> _WHAT YOU ARE ASKED TO DO_:
An exact transcription of every record below is required, with the pictures left out.

(Items listed in a dataset)

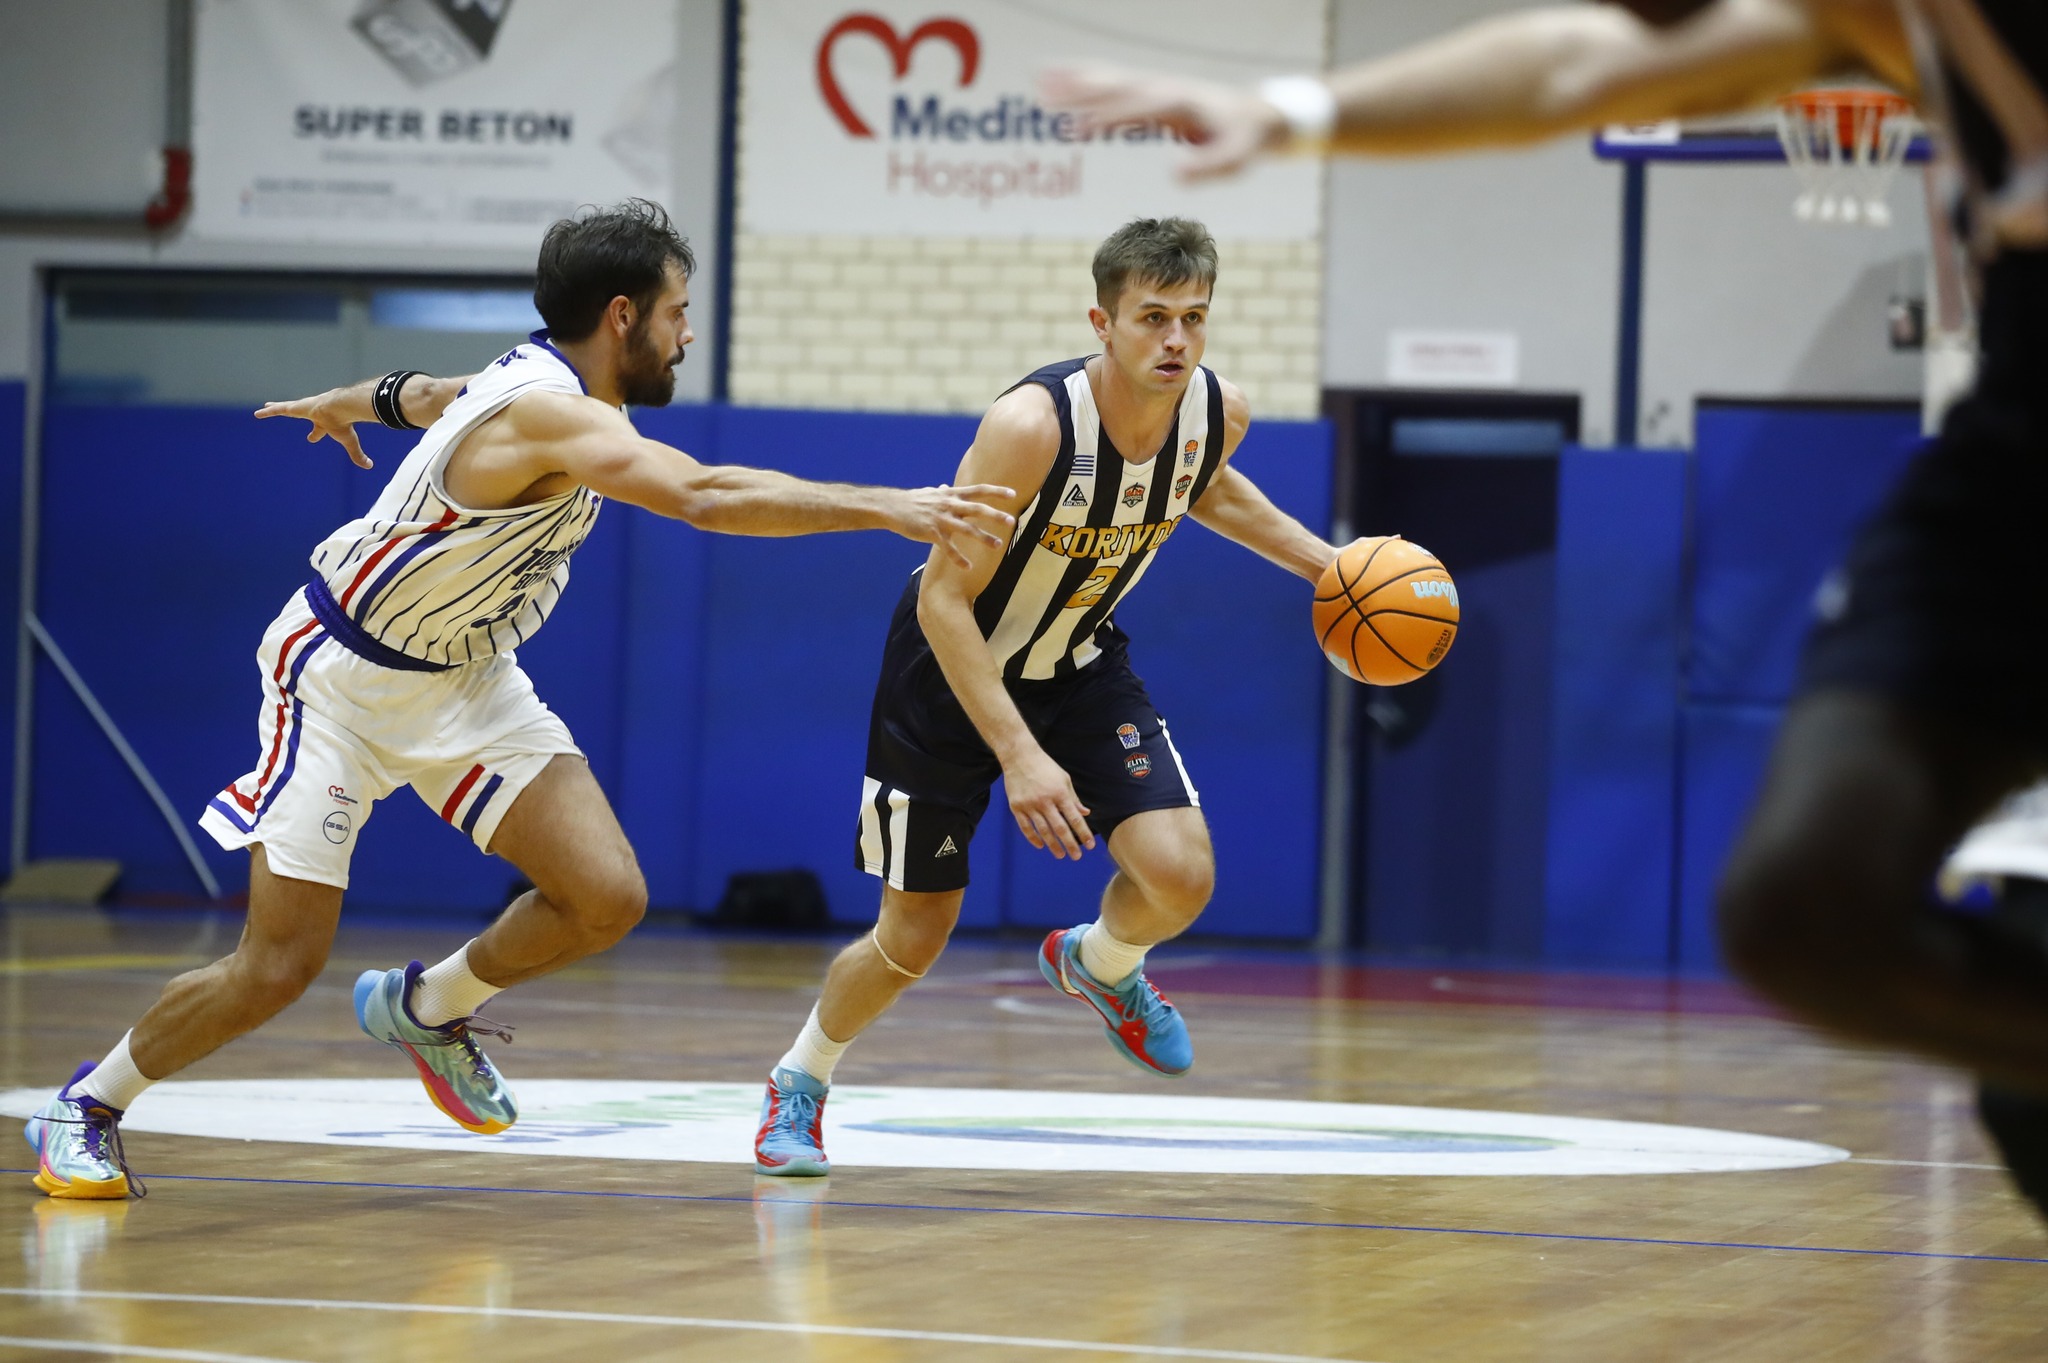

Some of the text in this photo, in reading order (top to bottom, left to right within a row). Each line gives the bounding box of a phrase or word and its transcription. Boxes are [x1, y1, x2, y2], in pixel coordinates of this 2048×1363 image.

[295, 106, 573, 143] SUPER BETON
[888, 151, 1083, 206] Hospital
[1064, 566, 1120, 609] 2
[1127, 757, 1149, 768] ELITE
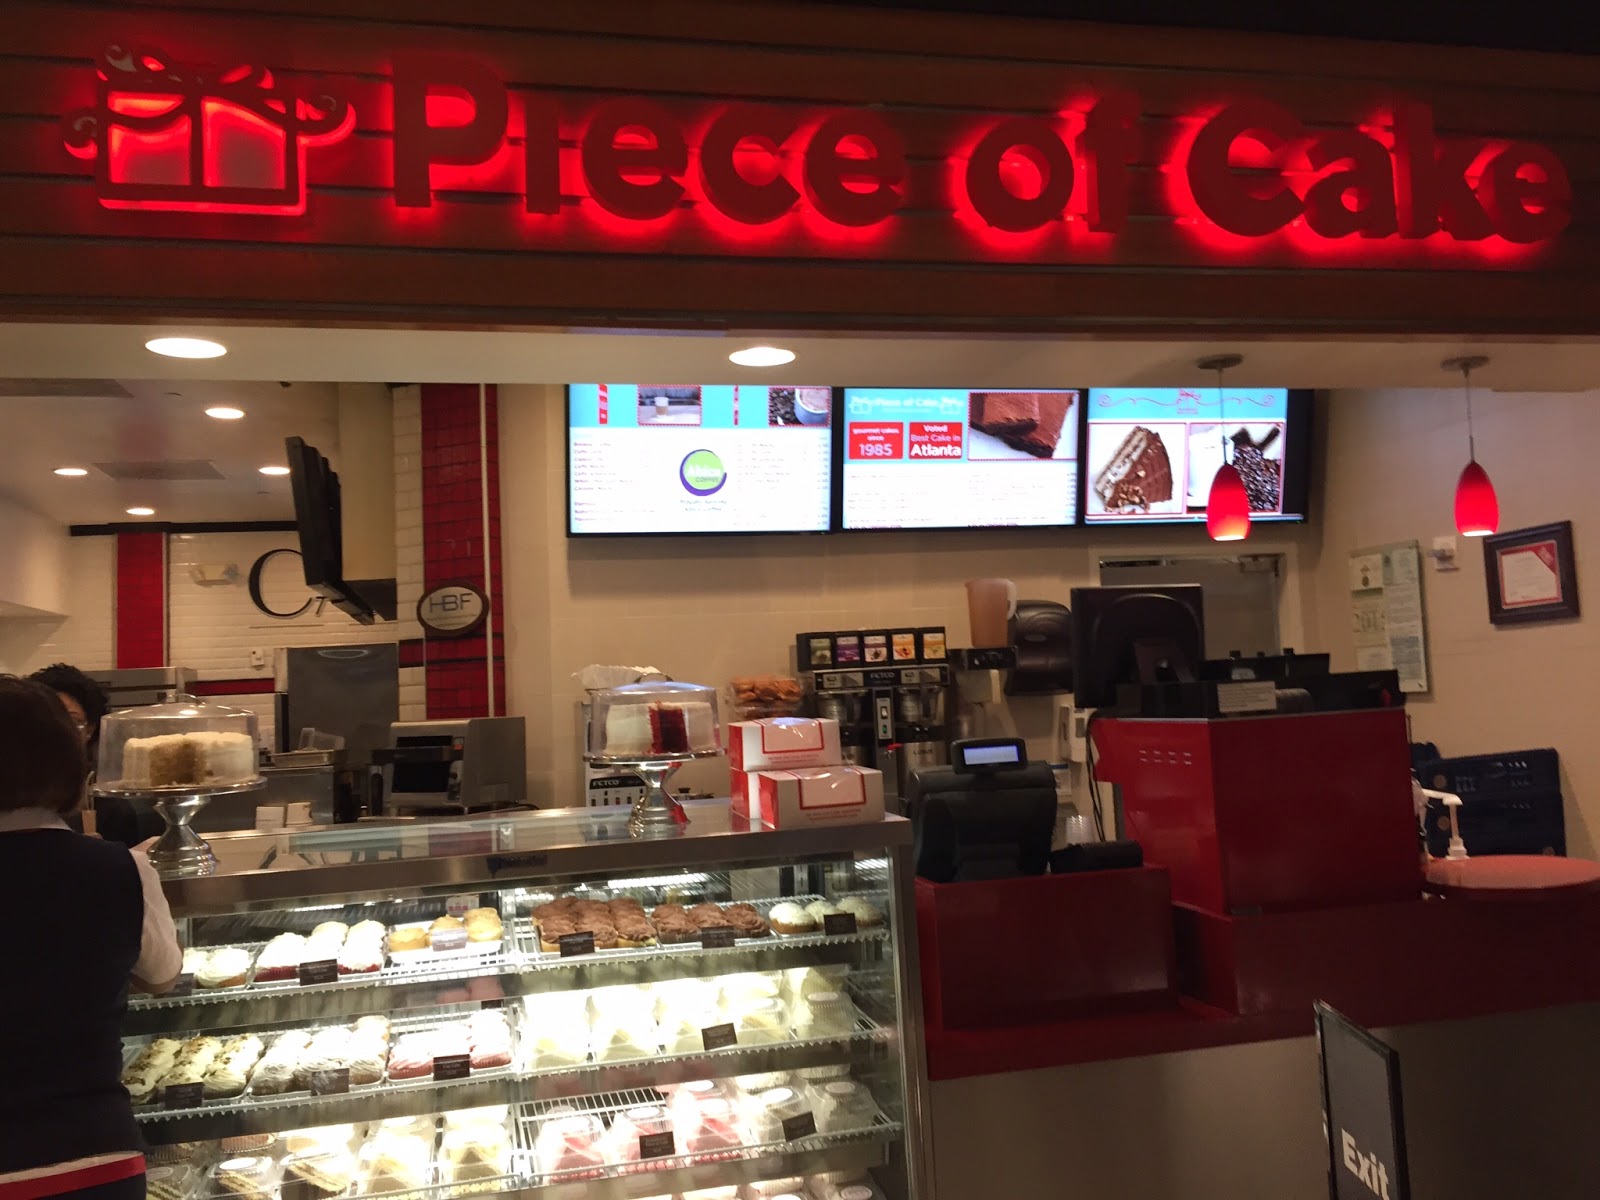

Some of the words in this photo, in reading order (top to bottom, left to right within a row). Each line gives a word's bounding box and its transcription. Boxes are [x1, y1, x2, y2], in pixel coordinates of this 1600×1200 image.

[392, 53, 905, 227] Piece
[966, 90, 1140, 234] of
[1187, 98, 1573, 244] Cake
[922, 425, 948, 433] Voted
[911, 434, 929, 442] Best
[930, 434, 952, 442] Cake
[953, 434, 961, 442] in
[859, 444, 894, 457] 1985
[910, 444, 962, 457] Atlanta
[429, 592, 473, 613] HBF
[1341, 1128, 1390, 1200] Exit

> _ANSWER FOR THIS EXERCISE_:
Some of the text in this photo, in reading order (top to bottom, left to right within a row). Each line gives the bounding box of a phrase or word and its transcription. Boxes are [x1, y1, x2, y2], in pixel coordinates of this 2048×1363 image.

[295, 106, 573, 143] SUPER BETON
[888, 151, 1083, 206] Hospital
[1064, 566, 1120, 609] 2
[1127, 757, 1149, 768] ELITE

Some of the words in this photo, in reading order (top to bottom, left to right within a row). Each line gives a word's bounding box and its transcription. Boxes are [x1, y1, x2, y2], in pixel coordinates of this 1600×1200 image.

[392, 53, 905, 227] Piece
[966, 90, 1140, 234] of
[1187, 98, 1573, 244] Cake
[922, 425, 948, 433] Voted
[911, 434, 929, 442] Best
[930, 434, 952, 442] Cake
[953, 434, 961, 442] in
[859, 444, 894, 457] 1985
[910, 444, 962, 457] Atlanta
[429, 592, 473, 613] HBF
[1341, 1128, 1390, 1200] Exit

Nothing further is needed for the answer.